Heart attacks can be a looming danger for many and for good reason, as it is estimated that an American has a heart attack every 40 seconds. Tens of thousands survive heart attacks every year due to preparedness and knowledge on what to do. 


A heart attack will typically cause pain for more than 15 minutes, but in some cases it may not have any symptoms at all. When you notice these symptoms, you may be having a heart attack:

-      Uncomfortable pressure, fullness or squeezing pain in the center of the chest

-      Discomfort or pain spreading beyond the chest to extremities, the jaw, or upper abdomen

-      Shortness of breath

-      Lightheadedness, dizziness or fainting

-      Sweating

-      Nausea

Active warning signs can last for hours to weeks in advance.

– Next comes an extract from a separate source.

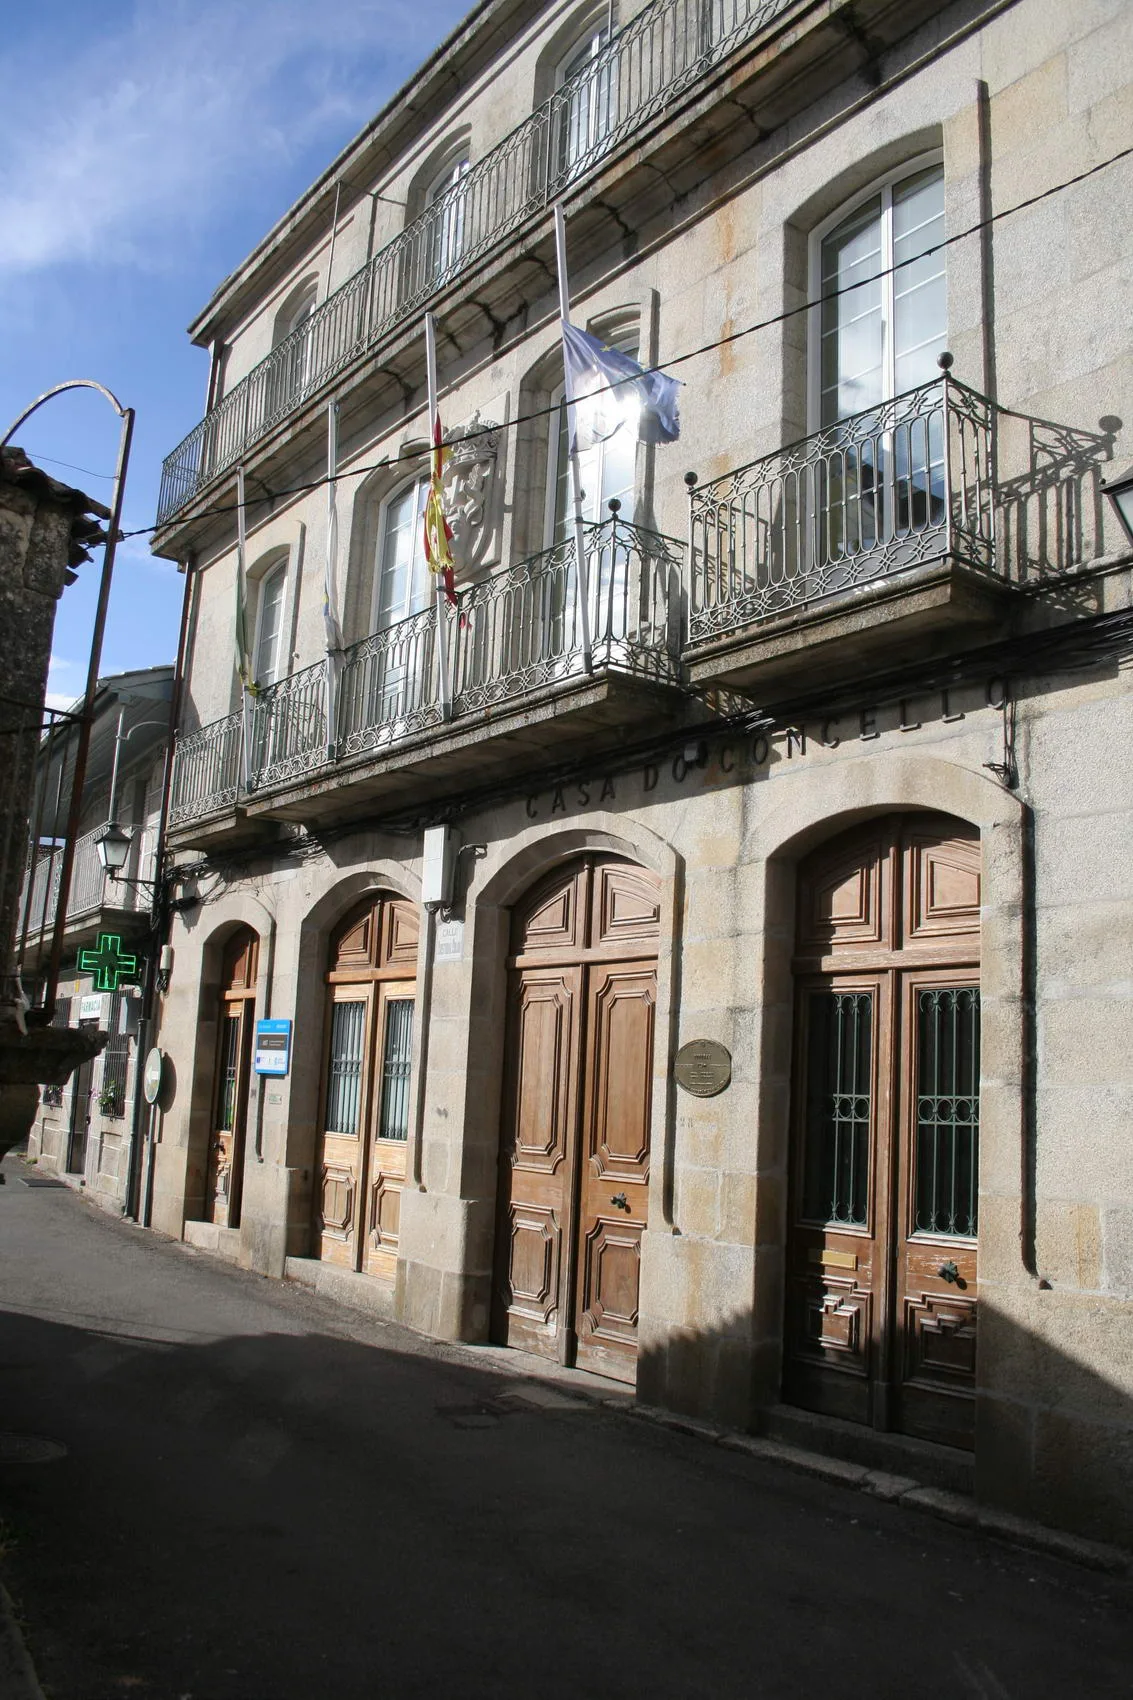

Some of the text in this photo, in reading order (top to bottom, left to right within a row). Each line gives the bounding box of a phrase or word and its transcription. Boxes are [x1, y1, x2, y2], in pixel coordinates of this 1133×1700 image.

[526, 675, 1010, 819] CASA DO CONCELLO

Help should not be delayed, so what do you do in the case of a heart attack? 

First, call 911 or your local emergency number. Even though you may desire to tough out the symptoms, it is better to be safe than sorry. If you cannot get access to emergency medical services, have a friend or neighbor drive you to the nearest hospital. After calling 911, chew and swallow an aspirin unless you are allergic or have been directed not to. Aspirin slows blood clotting and minimizes the size of the blood clots that may have formed. If prescribed, take nitroglycerin as directed. Do not take anyone else’s nitroglycerin as it may put you in more danger.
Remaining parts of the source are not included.